16 Reclaiming Citizenship: Geographies of Resistance of Muslim Women in Aligarh, India

Wajiha Mehdi

Abstract

There is a global trend and rise in the politics of dehumanization, fear and division. When Donald Trump imposed the travel ban, it was an unrelenting attack on Muslims. The rhetoric of the ban is manifesting against Muslims in India in the form of rising communal riots, mob lynchings, detention centers and finally structured erosion of the formal concept of citizenship through the passing of Citizenship Amendment Act in 2019. Hindu nationalism is a majoritarian political ideology that evokes a Hindu identity, in opposition to the threatening Muslim, and believes that India belongs to Hindus.
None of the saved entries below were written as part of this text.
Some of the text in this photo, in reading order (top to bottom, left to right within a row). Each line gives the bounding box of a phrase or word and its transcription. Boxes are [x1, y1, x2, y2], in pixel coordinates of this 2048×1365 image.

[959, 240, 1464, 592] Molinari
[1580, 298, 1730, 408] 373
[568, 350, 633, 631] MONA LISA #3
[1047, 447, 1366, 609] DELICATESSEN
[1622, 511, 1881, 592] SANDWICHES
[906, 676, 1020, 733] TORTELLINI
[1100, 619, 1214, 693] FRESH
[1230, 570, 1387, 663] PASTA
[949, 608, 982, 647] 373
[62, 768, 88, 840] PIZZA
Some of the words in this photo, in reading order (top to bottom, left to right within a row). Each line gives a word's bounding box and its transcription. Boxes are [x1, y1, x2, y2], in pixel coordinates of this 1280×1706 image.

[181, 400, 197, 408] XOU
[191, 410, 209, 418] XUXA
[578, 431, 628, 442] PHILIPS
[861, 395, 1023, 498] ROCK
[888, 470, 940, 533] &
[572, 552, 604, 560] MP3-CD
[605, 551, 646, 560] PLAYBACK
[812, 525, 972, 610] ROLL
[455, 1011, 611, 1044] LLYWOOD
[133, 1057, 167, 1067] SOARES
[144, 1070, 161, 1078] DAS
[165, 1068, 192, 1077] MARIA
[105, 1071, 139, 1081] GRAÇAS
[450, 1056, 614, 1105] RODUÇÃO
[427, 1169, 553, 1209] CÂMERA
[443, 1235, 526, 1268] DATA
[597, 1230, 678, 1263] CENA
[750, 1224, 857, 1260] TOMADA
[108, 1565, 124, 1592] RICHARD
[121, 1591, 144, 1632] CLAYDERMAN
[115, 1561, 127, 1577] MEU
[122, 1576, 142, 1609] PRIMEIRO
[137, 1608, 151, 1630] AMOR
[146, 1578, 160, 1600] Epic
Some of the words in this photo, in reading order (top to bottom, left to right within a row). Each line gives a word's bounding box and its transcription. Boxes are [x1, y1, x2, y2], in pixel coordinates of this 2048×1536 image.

On the verge of statelessness, protest sit-ins led by Muslim women in Shaheen Bagh (Delhi) led to a wave of country-wide protests, especially sit-ins led by Muslim women across the country in December 2019. In this context, this study intends to examine everyday strategies that Muslim women employ to resist violent geographies and reclaim citizenship by accessing Aligarh city in India as the intersection of Hindu nationalism, Muslim Identity formations and communal structuring of the city. Aligarh is famously known as ‘mini-Pakistan’ with Aligarh Muslim University (AMU) seen by Hindu nationalists as a center for both national infidelity and Muslim nationalism. Aligarh is also one of the cities highly prone to communal violence in India. Despite these trends’ strong correlation, Muslim women’s spatial experiences in Aligarh remain under researched.